↓↓↓

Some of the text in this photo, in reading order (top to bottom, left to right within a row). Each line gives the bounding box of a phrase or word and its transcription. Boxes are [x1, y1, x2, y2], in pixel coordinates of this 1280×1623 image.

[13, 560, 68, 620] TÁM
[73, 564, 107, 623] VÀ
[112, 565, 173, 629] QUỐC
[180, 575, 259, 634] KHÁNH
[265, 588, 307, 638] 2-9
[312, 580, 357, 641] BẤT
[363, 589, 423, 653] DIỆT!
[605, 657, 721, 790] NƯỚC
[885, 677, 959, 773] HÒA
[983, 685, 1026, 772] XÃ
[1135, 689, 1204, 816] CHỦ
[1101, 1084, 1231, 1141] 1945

↑↑↑

Task instructions:
Would you print all of the material above exactly as written?

Solution for this problem:
Some of the text in this photo, in reading order (top to bottom, left to right within a row). Each line gives the bounding box of a phrase or word and its transcription. Boxes are [x1, y1, x2, y2], in pixel coordinates of this 1280×1623 image.

[13, 560, 68, 620] TÁM
[73, 564, 107, 623] VÀ
[112, 565, 173, 629] QUỐC
[180, 575, 259, 634] KHÁNH
[265, 588, 307, 638] 2-9
[312, 580, 357, 641] BẤT
[363, 589, 423, 653] DIỆT!
[605, 657, 721, 790] NƯỚC
[885, 677, 959, 773] HÒA
[983, 685, 1026, 772] XÃ
[1135, 689, 1204, 816] CHỦ
[1101, 1084, 1231, 1141] 1945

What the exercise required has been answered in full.